The poetry book was sitting on a pine bedside table, a bus ticket sticking out of the top as a bookmark. He was less than ten pages in. That didn’t seem like the frenzied reading of an author who’d discovered a past life’s work.

I was about to give up and label the mission inconclusive when my gaze snagged on a large black object on the windowsill.

When I realized what it was, my heart lurched.

A typewriter.

Old – very old – and not very recently used, by the looks of things. There was no stack of paper next to it, no ink spools inside. The keys were a little dusty, as though it had recently been taken out of storage.

This was it. The sign I’d been looking for.

Why else would someone like Ceri have this? Why, when he had so few other belongings, would he bother to bring this typewriter from his family home? Or buy it from a junk shop, when he had so little money he was worried about rent?

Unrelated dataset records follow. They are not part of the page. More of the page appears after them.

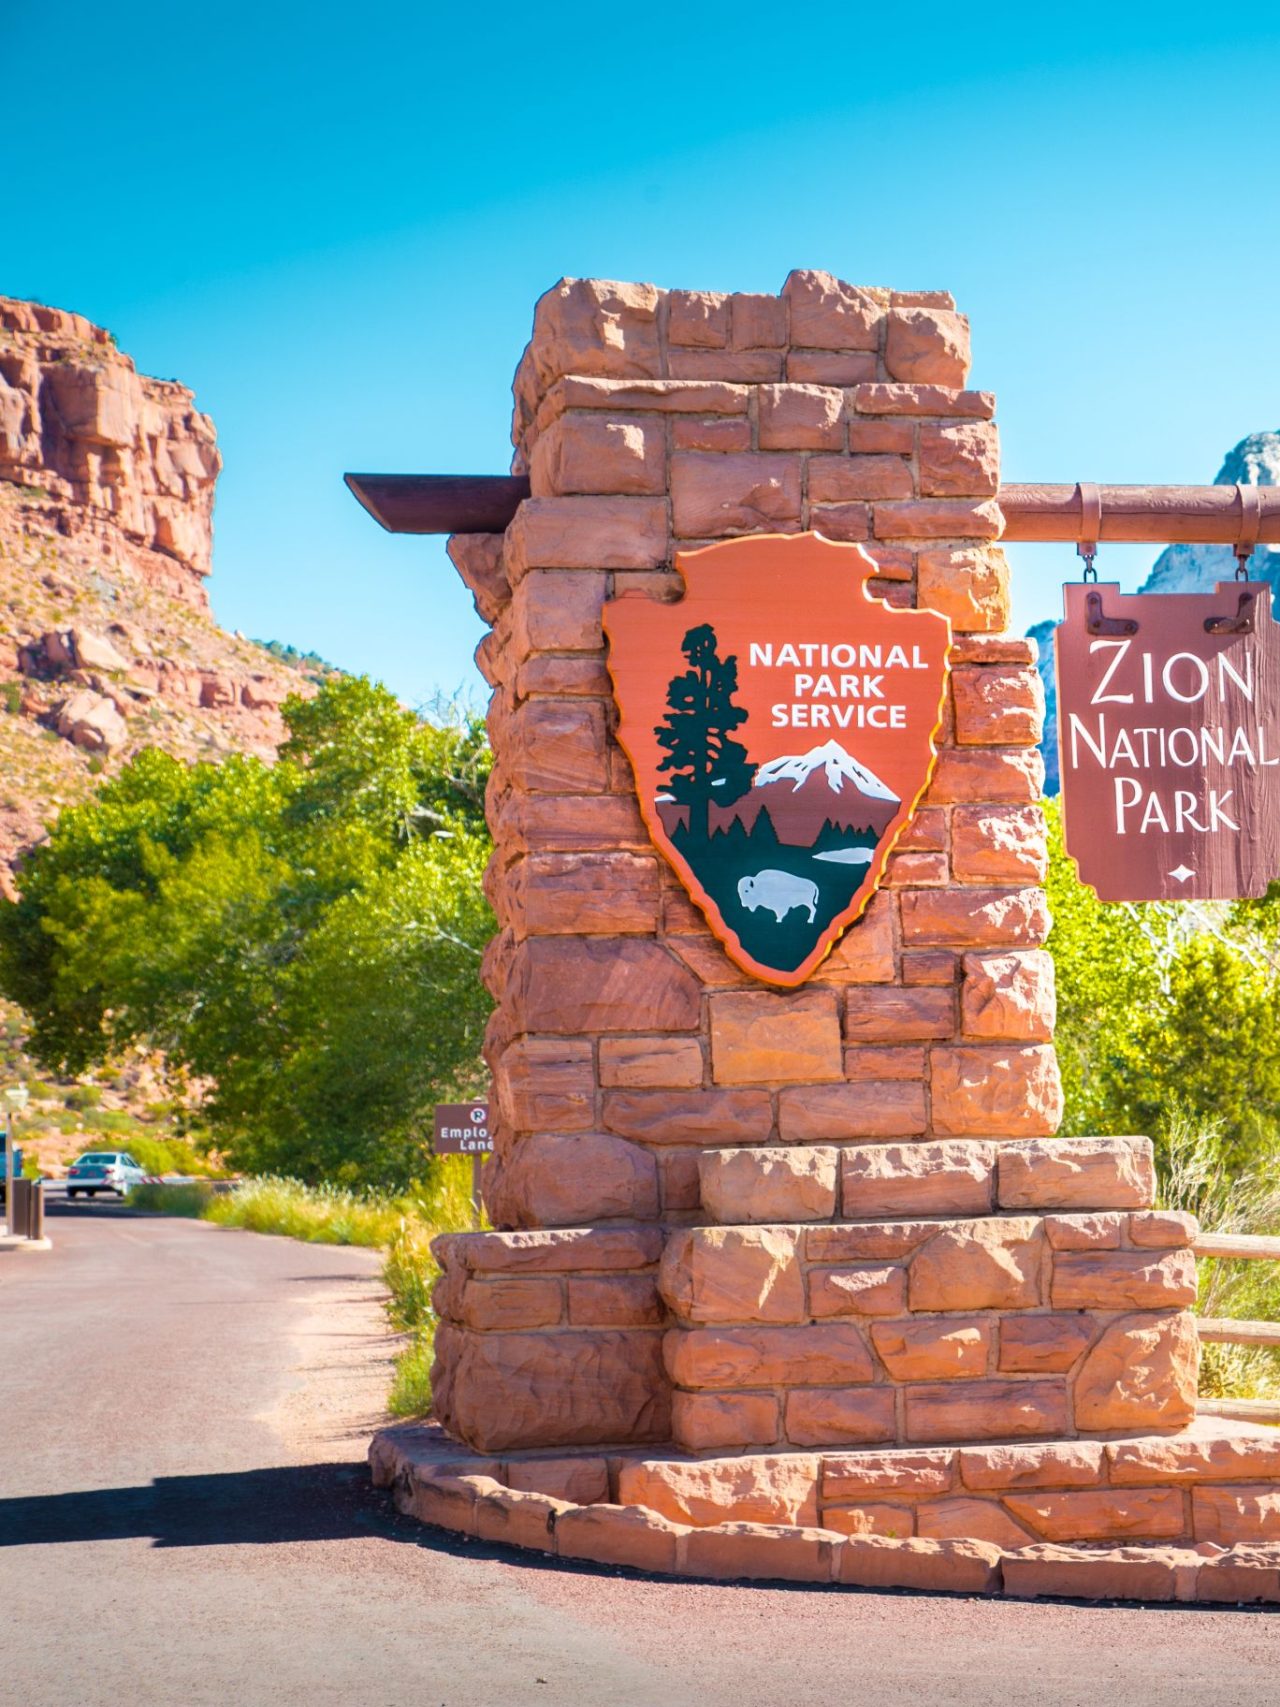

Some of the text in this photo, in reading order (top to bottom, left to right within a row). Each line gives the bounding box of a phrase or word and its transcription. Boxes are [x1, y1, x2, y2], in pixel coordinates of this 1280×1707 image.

[748, 643, 929, 669] NATIONAL
[1089, 639, 1254, 704] ZION
[794, 674, 885, 698] PARK
[771, 703, 907, 728] SERVICE
[1068, 713, 1280, 769] NATIONAL
[1114, 777, 1241, 834] PARK
[440, 1126, 493, 1140] Emplo
[459, 1140, 494, 1150] Lane

The sole furnishing he had chosen for his lonely haunted house. The written word, his eternal companion, his only confidante. The image of him sitting outside the cafe with a black coffee and a newspaper … I should have known then.

An old soul.

New flowers from old roots, an eternal seed from which life will always bloom.

My hand trembled as I reached out to touch it – to close the emotional gap between us, as though this typewriter held the part of his soul he kept so hidden – but I snatched my fingers back just in time. The keys were dusty. He’d notice if they’d been touched.

Stepping back, trying to silence my roaring heart, I wracked my brain for the right course of action.

Should I get out now, before he caught me, and try to stay out of his way until after the transplant? Or should I wait it out and confront him when he returned home? Even though it had been my original plan, the latter now struck me as too risky. A fight could so easily go wrong, and I didn’t want to give him reason to kill me before I could save Gracie.

I should cut my losses. Get out. Regroup.

But as I slipped back out of the front door, a run-down old car pulled up and parked off to the side of the petrol station. A male figure climbed out, drawing a hood up over his blonde head.

Ceri.

No.

Arden.

Chest pounding painfully, I snuck around the edge of the building in the pooled shadows. Behind the petrol station was a small copse of trees, and I crept over to them as silently as I could, hiding behind a narrow trunk to watch him enter the flat.

I hadn’t relocked the door. Would he notice?

Sure enough, as he slotted his key into the lock, he paused. Frowned. Jimmied the handle.

And then he looked around, as if he knew an intruder was somewhere nearby.

Right at the spot where I was hiding.

I stayed perfectly still, hoping the darkness obscured me. My pulse was a thundering drum roll.

After several agonizing beats, he looked away again, then slipped inside.

All the fight left my limbs, and I slid to the wood-chipped ground, the bark of the tree rough against my coat.

My muscles were watery, my guts loose, and I let out an involuntary whimper.

Arden was here.

He had found me. And very soon, he was going to kill me.

So why had I wanted so badly to run into his arms?